Jason Madonis

Personal information
- Date of birth: 1 August 1995 (age 30)
- Place of birth: Sydney, Australia
- Height: 1.76 m (5 ft 9 in)
- Position: Midfielder

Team information
- Current team: Wollongong Olympic
- Number: 5

Youth career
- 2008–2013: Sydney Olympic

Senior career*
- Years: Team / Apps / (Gls)
- 2014–2021: Sydney Olympic / 140 / (23)
- 2022: Sutherland Sharks / 18 / (3)
- 2023: Sydney United / 10 / (0)
- 2024–: Wollongong Olympic / 42 / (9)

= Jason Madonis =

Australian footballer (born 1995)

Jason Madonis (born 1 August 1995) is an Australian footballer who plays as a midfielder for Wollongong Olympic.

== Early life ==
Madonis has played club football since the age of 4, his father was an influence on his decision to play football throughout his life. He attended Trinity Grammar School where he played for the school's soccer team, winning the 2011 NSW School Competition. In June 2013, he was selected to play for the NSW School Boys Football Team.

== Club career ==
=== Sydney Olympic ===
Madonis joined Sydney Olympic at the age of 13. He played in the U18 NPL NSW Final where his side won with 10-men as he scored the game-winning goal.
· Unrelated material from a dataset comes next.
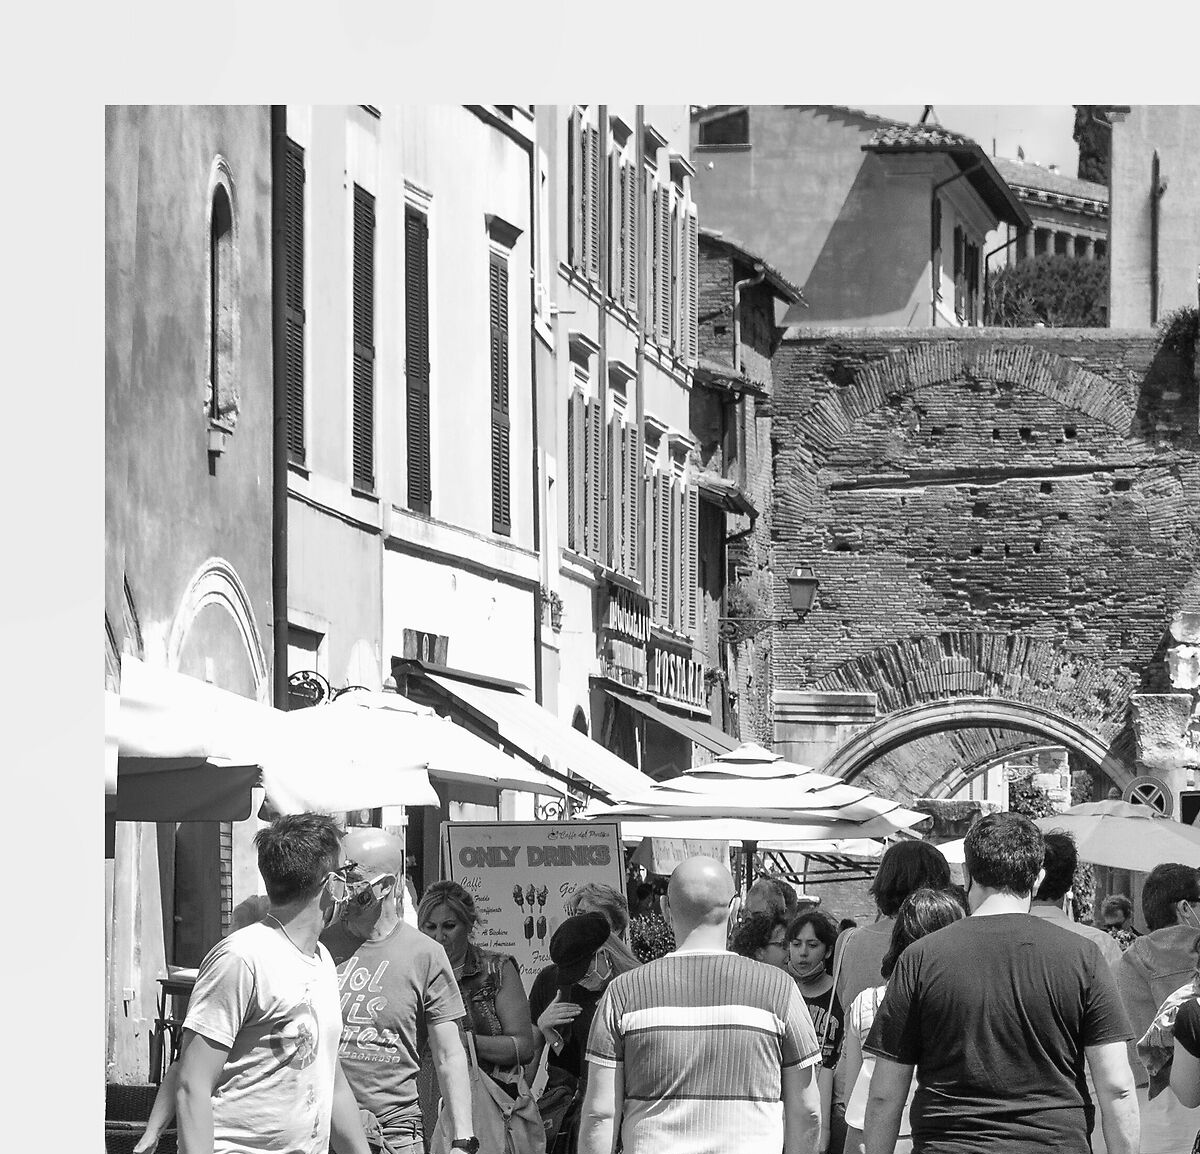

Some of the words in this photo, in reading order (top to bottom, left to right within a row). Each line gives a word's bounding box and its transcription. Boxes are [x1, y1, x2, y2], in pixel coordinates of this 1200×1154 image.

He broke into the first team in 2014, being on the bench in the Grand Final where his side lost 2–1 against Blacktown City. In the 2019 season, Madonis came close to another finals appearance after scoring a penalty to beat Sydney United but ultimately came short after falling 6th in the league, just below play-offs at the closing end of the season. In the 2020 season, Madonis played in the finals series losing 3–0 in the semi-final against Rockdale Ilinden, formerly called Rockdale City Suns. Madonis made his 150 senior club appearance for Sydney Olympic against Manly United.

=== Sutherland Sharks ===
On 11 February 2022, it was announced Madonis joined the Sutherland Sharks after leaving Olympic sometime in August 2021.

=== Sydney United 58 ===
On 23 December 2022, Madonis was announced to play for Sydney United ahead of the 2023 season. He made his United debut in a 3–1 loss against APIA Leichhardt, coming on as a substitute in the 83rd minute of the match.

== Personal life ==
Madonis currently has a partner, Alexandra, for who he has been with for more than 4 1/2 years and a dog called Romeo. He does private one on one coaching in the Sutherland Shire area.